[Opening Information provided section]
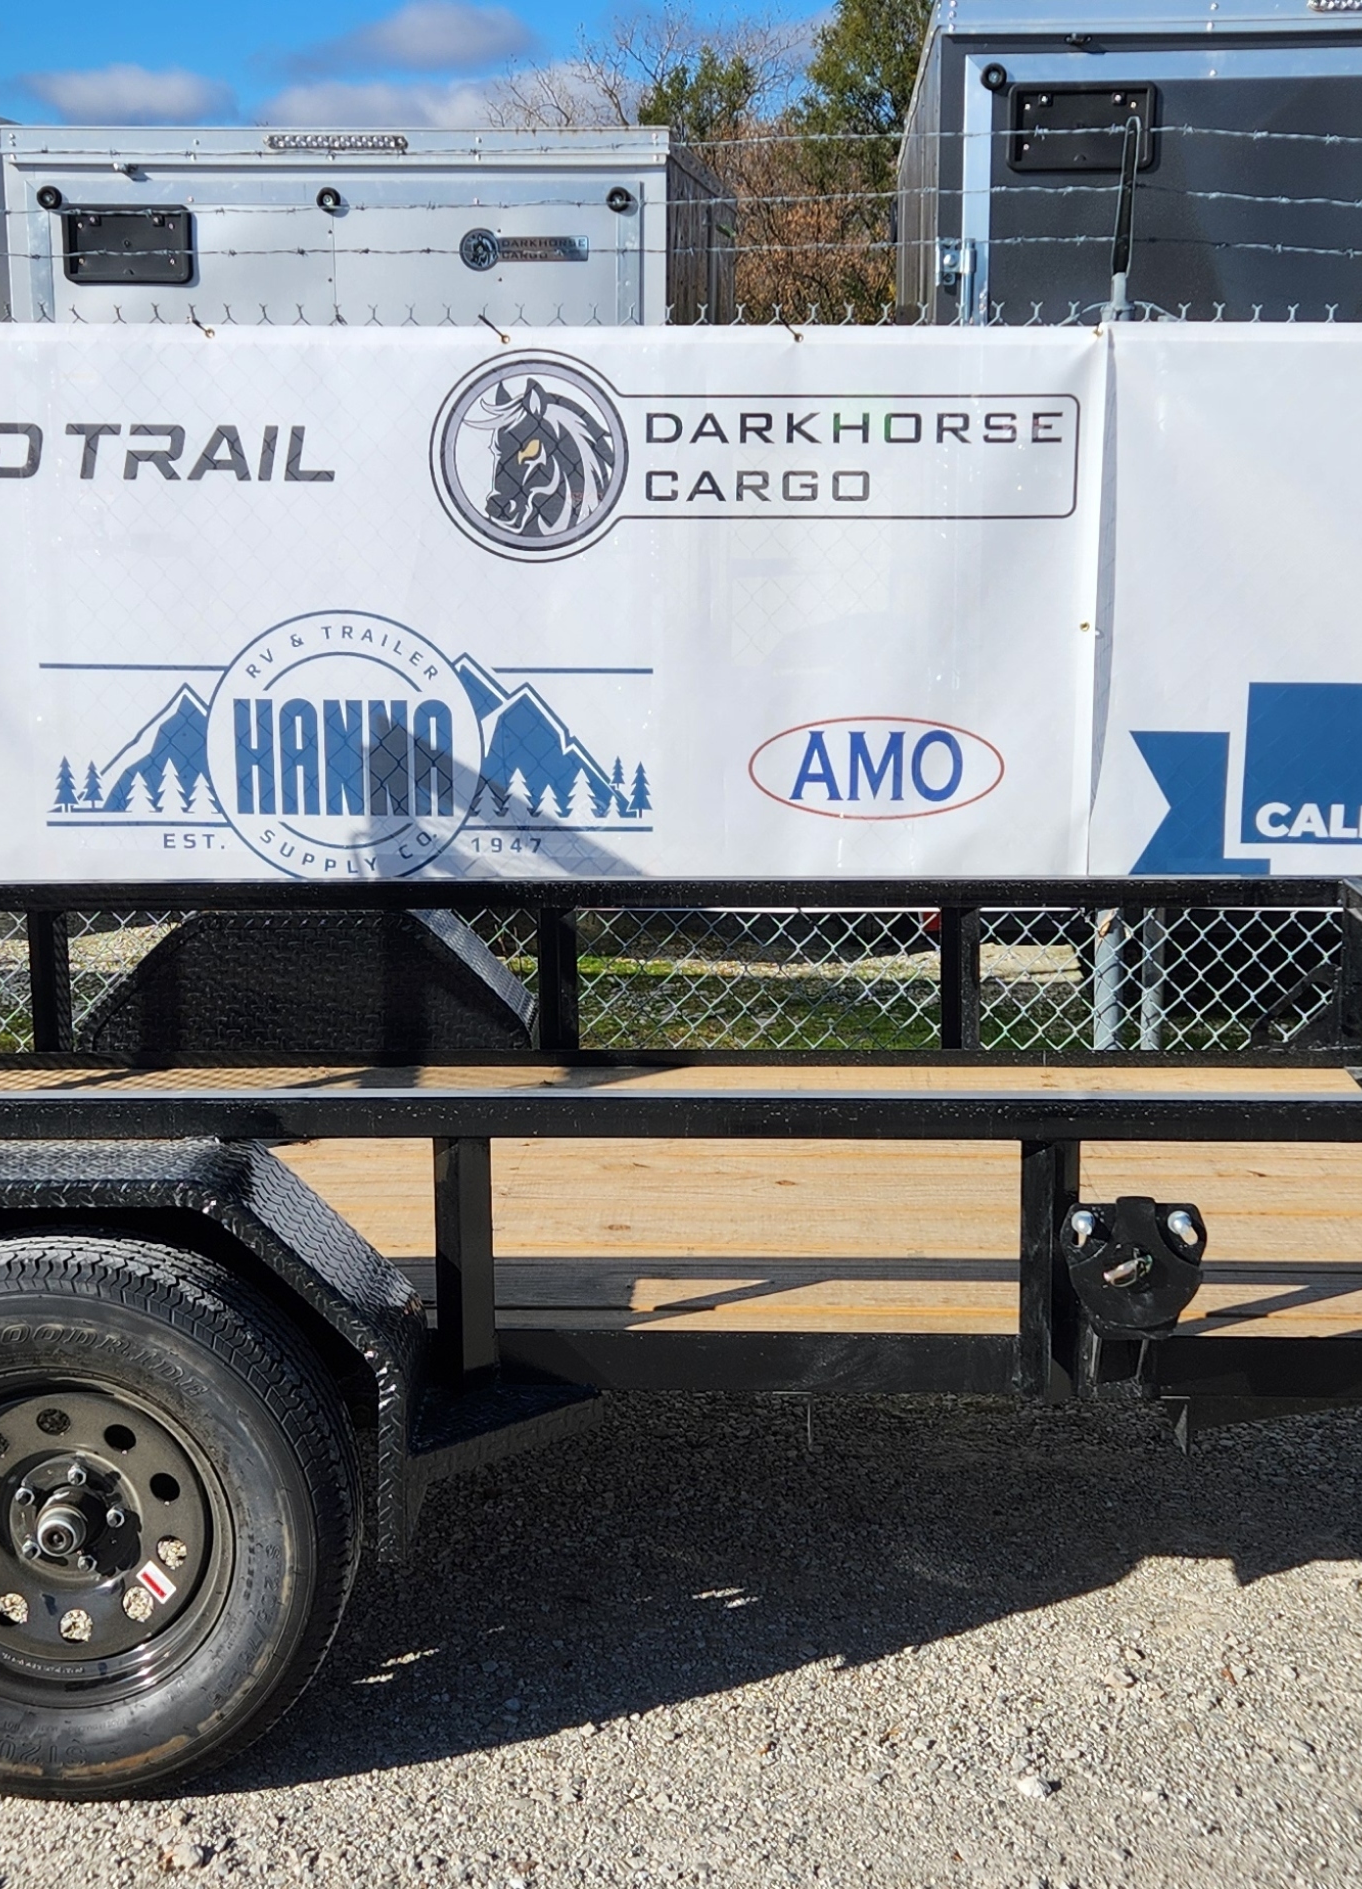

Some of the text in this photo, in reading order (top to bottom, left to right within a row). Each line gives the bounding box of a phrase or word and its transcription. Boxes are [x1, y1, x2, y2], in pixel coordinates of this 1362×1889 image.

[501, 238, 586, 248] DARKHORSE
[501, 250, 548, 260] CARGO
[644, 411, 1064, 445] DARKHORSE
[65, 422, 335, 483] TRAIL
[644, 470, 871, 503] CARGO
[245, 625, 439, 681] RV & TRAILER
[233, 697, 455, 817] HANNA
[789, 730, 965, 802] AMO
[162, 832, 226, 850] EST.
[259, 828, 438, 874] SUPPLY CO.
[470, 836, 543, 854] 1947
[Closing Information provided section]
→ Task to complete
A faithful copy of the data is required: each word kept, each picture omitted.

→ Result below
Some of the text in this photo, in reading order (top to bottom, left to right within a row). Each line gives the bounding box of a phrase or word and its transcription. Boxes are [x1, y1, x2, y2], in pixel coordinates of this 1362×1889 image.

[501, 238, 586, 248] DARKHORSE
[501, 250, 548, 260] CARGO
[644, 411, 1064, 445] DARKHORSE
[65, 422, 335, 483] TRAIL
[644, 470, 871, 503] CARGO
[245, 625, 439, 681] RV & TRAILER
[233, 697, 455, 817] HANNA
[789, 730, 965, 802] AMO
[162, 832, 226, 850] EST.
[259, 828, 438, 874] SUPPLY CO.
[470, 836, 543, 854] 1947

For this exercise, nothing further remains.